In early 2019, The Miz was involved in a feud with Shane McMahon and the latter's allies Drew McIntyre and Elias. The Miz and R-Truth teamed together on the June 18, 2019 episode of SmackDown Live in a losing effort against McIntyre and Elias.

=== Reunion as fan favorites and second dissolution (2024) ===
In November 2023, R-Truth became involved in a storyline with The Judgment Day, a stable consisting of Damian Priest, Rhea Ripley, Finn Bálor, "Dirty" Dominik Mysterio, and JD McDonagh, in which R-Truth thought himself to be a member of the stable. This ended when the entire stable attacked R-Truth in the ring on the December 11 episode of Raw.

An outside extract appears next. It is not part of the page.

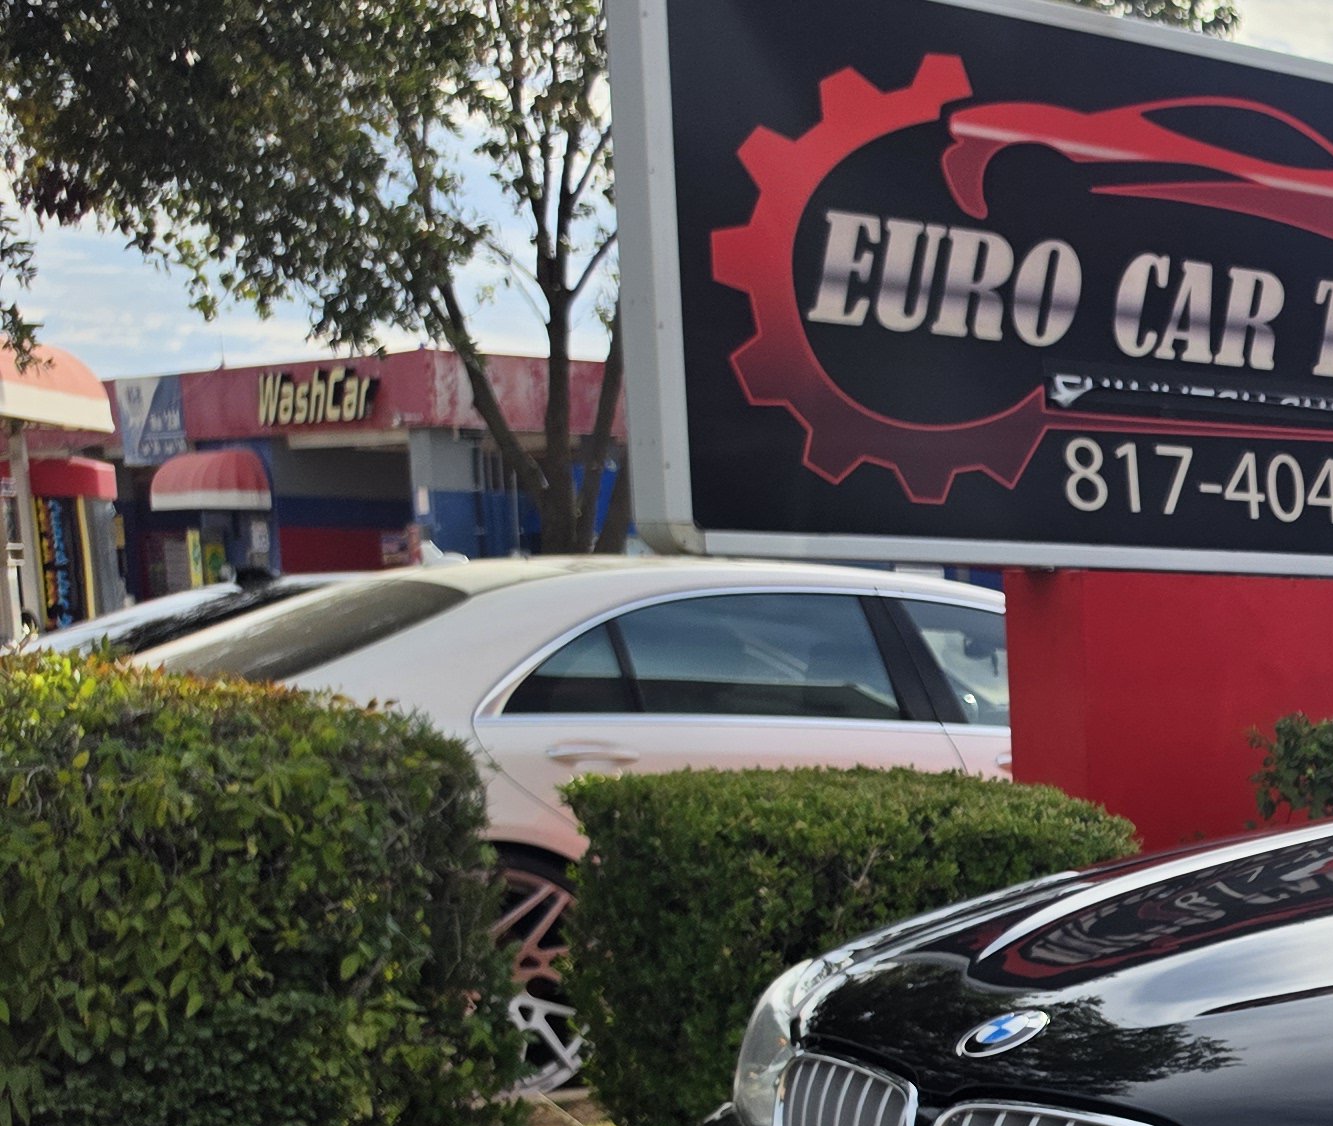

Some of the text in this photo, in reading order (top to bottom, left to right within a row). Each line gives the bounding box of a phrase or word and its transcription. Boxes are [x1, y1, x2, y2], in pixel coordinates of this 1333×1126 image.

At Raw: Day 1 on January 1, 2024, The Miz hosted an in-ring Miz TV segment with The Judgment Day, but they refused to appear. R-Truth appeared instead and spoke on behalf of the group. Subsequently, the group confronted R-Truth over his delusion before The Miz defended R-Truth. The Miz and R-Truth subsequently defeated Mysterio and McDonagh in their first match as a team since 2019. Over the next few weeks, The Miz would continue to try and convince R-Truth that he was not a member of The Judgment Day, despite R-Truth's protests. At Royal Rumble on January 27, both The Miz and R-Truth participated in the men's Royal Rumble match, where they briefly teamed up and performed their signature Awesome Truth dance, before they were eliminated by Gunther and Priest, respectively. On the following episode of Raw, R-Truth was attacked by The Judgment Day after they officially declared that he was not a member of the group. The Miz tried to save him but both were beaten down by the stable.

On the March 18 episode of Raw, The Miz and R-Truth defeated Indus Sher (Veer and Sanga) to qualify for the six-pack ladder match for the Undisputed WWE Tag Team Championship at WrestleMania XL. At Night 1 of WrestleMania XL on April 6, R-Truth climbed the ladder and retrieved the Raw Tag Team Championship, giving Truth his first WrestleMania win and the team's first title win. On the April 15 episode of Raw, the Raw Tag Team Championship was renamed to the World Tag Team Championship and the team was presented with new championship belts by WWE chief content officer Paul "Triple H" Levesque and the general manager of Raw Adam Pearce. On the April 22 episode of Raw, The Miz and R-Truth successfully defended their titles in their first title defense against #DIY (Johnny Gargano and Tommaso Ciampa). On the June 24 episode of Raw, they lost the titles to Bálor and McDonagh after interference from Carlito, Mysterio, and Women's World Champion Liv Morgan, ending their reign at 79 days.

On the July 29 episode of Raw, The Miz was announced as the official host of SummerSlam in his hometown of Cleveland, Ohio. On the September 30 episode of Raw, following repeated instances of Truth signing the two of them up for matches without Miz's knowledge, The Miz attacked Truth and walked out on him causing the team to lose against the Authors of Pain, ending the team once again in the process. On June 1, Truth told via social media that WWE had chosen to not renew his contract.

At Money In The Bank 2025, R-Truth returned to WWE under his real name, Ron Killings.